Zuck admits biz recruited too hard during pandemic and decline in advertising forced his hand

Meta is making more than of 11,000 employees redundant following the dramatic decline in profits and the subsequent share price dive at the end of last month.

In a post made public this morning after being shared with the workforce, company chief Mark Zuckerberg said the layoffs were the "most difficult change we’ve made in Meta's history."

He added:

I've decided to reduce the size of our team by about 13 percent and let more than 11,000 of our talented employees go. We are also taking a number of additional steps to become a leaner and more efficient company by cutting discretionary spending and extending our hiring freeze through Q1.

The social media corporation – home to Facebook, Instagram, and WhatsApp – last month reported revenue of $27.7 billion, down 4 percent year-on-year, but profit plunged 52 percent to $4.4 billion.

Weaker advertising demand was blamed, "impacted by the uncertain and volatile macroeconomic landscape," said CFO David Wehner in late October.

Meta is suffering at the hands of Apple's privacy focused tweaks to its operating system, with Meta estimating earlier this year that the iOS privacy change will cost it $10 billion.

Although it was barely mentioned in the missive, there is also the issue of Meta's metaverse division, which its latest quarterly earnings report revealed has lost $9.4 billion this year already.

The jobs cuts are perhaps partly a consequence of the hiring spree that Meta and others in the industry embarked upon during the pandemic. Meta, for example, employed more than 58,000 in 2019 but the headcount had increased to 87,000 by calendar Q3 this year.
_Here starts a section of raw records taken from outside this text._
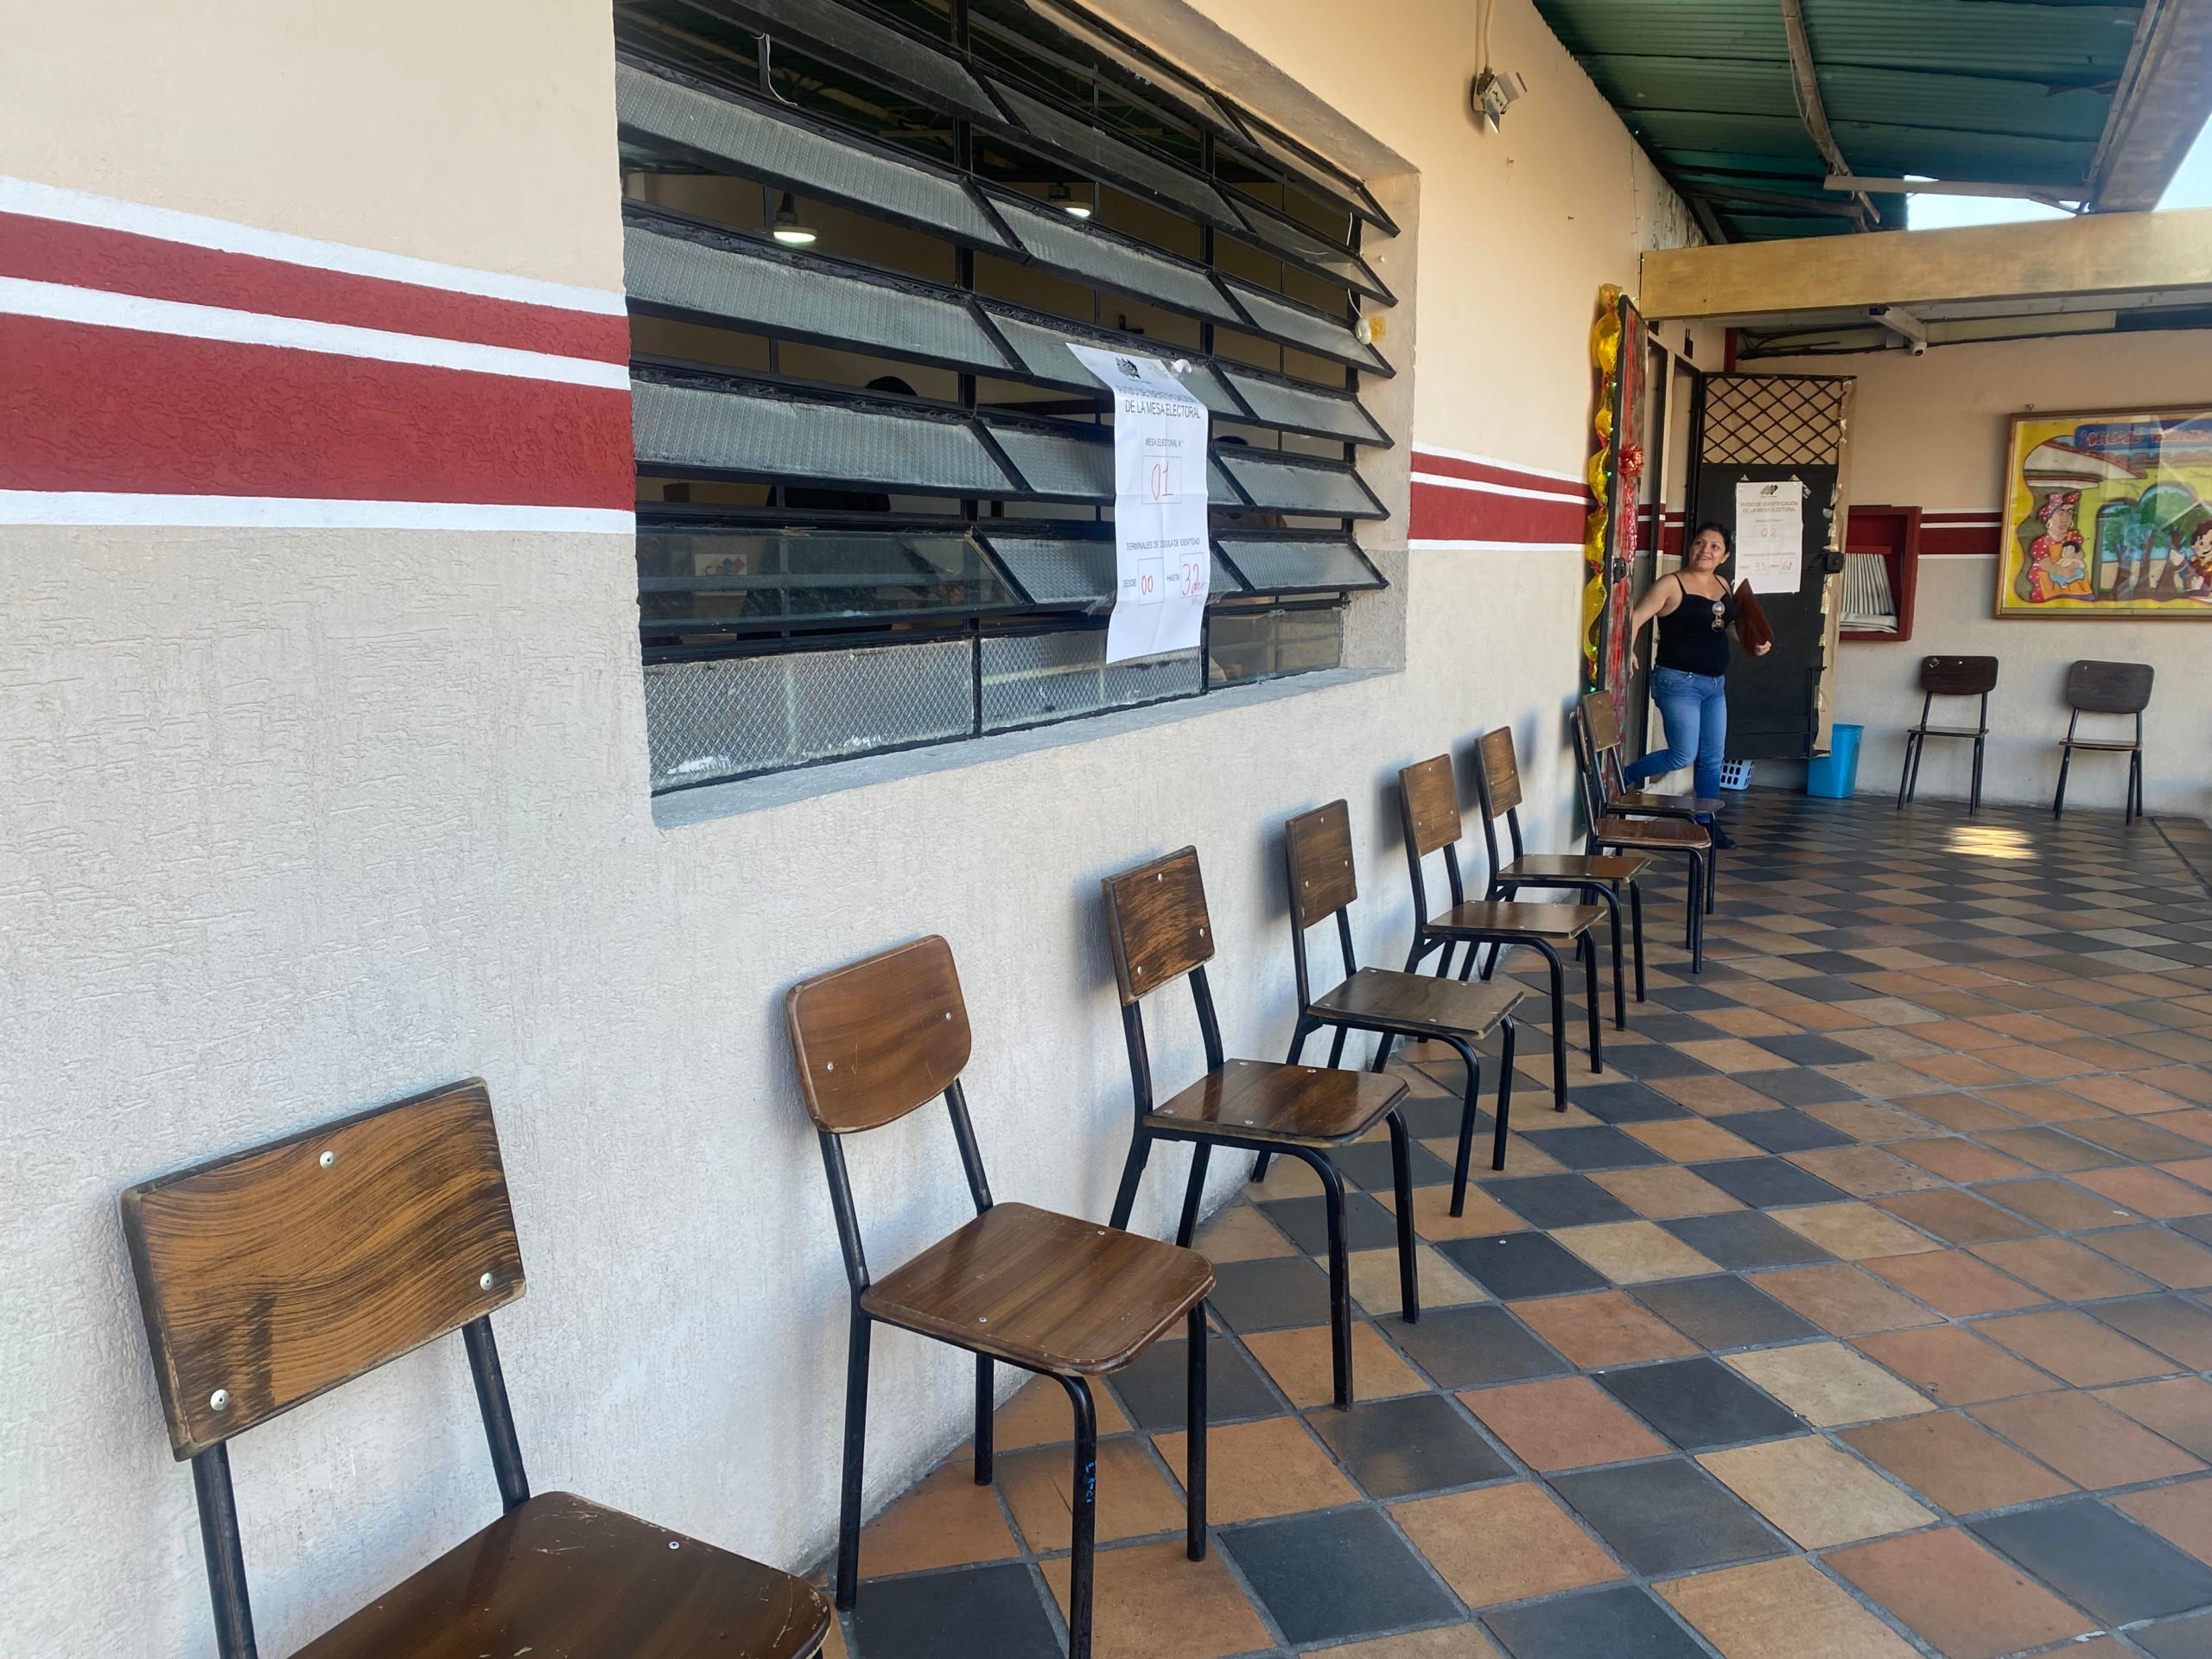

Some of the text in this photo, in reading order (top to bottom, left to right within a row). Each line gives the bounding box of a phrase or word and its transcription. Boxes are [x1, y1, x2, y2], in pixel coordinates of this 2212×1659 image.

[1125, 399, 1201, 419] DE LA MESA ELECTORAL
[1145, 437, 1157, 447] MESA
[1156, 437, 1178, 448] ELECTORAL
[1151, 461, 1173, 500] 01
[1126, 540, 1153, 551] TERMINALES
[1154, 540, 1160, 549] DE
[1173, 538, 1179, 547] DE
[1179, 537, 1200, 546] IDENTIDAD
[1122, 578, 1137, 588] DESDE
[1141, 575, 1154, 595] 00
[1166, 573, 1179, 582] HASTA
The buck for the job cuts stops with Zuck, he said in his blog post this morning – who else he thought it might have stopped with isn't clear.

So how did Meta get here?

"At the start of Covid, the world rapidly moved online and the surge of e-commerce led to outsized revenue growth. Many people predicted this would be a permanent acceleration that would continue even after the pandemic ended. I did too, so I made the decision to significantly increase our investments. Unfortunately, this did not play out the way I expected.

"Not only has online commerce returned to prior trends, but the macroeconomic downturn, increased competition, and ads signal loss have caused our revenue to be much lower than I'd expected. I got this wrong, and I take responsibility for that," he said.

Meta needs to spend less cash, or become more "capital efficient", as the CEO put it. More resources are being shifted to a "smaller number of high priority growth areas", including the AI discovery engine, ads and biz platforms, and "our long term vision for the metaverse."

It was this obsession with the metaverse and shareholder group's lack of patience with it that has contributed to the 70 percent plus reduction in Meta's share price since 2015.

Zuckerberg continued: "We've cut costs across our business, including scaling back budgets, reducing perks, and shrinking our real estate footprint. We're restructuring teams to increase our efficiency. But these measures alone won't bring our expenses in line with our revenue growth, so I've also made the hard decision to let people go."

As severance, US employees will receive 16 weeks base pay plus two additional weeks for every year of service, with no cap. This seems generous to us, certainly compared to some of the older world tech organizations out there. Health insurance for the next six months will be covered as well, and Meta has promised to provide visa support for immigrant staffers.

Elsewhere in the world, Zuck said the company will take into account local employment laws.

"We made the decision to remove access to most Meta systems for people leaving today given the amount of access to sensitive information. But we're keeping email addresses active throughout the day so everyone can say farewell," said the CEO.

Unsurprisingly, given the scale of the layoffs, Meta is "planning to hire fewer people next year."

"We're also restructuring our business teams more substantially. This is not a reflection of the great work these groups have done, but what we need going forward."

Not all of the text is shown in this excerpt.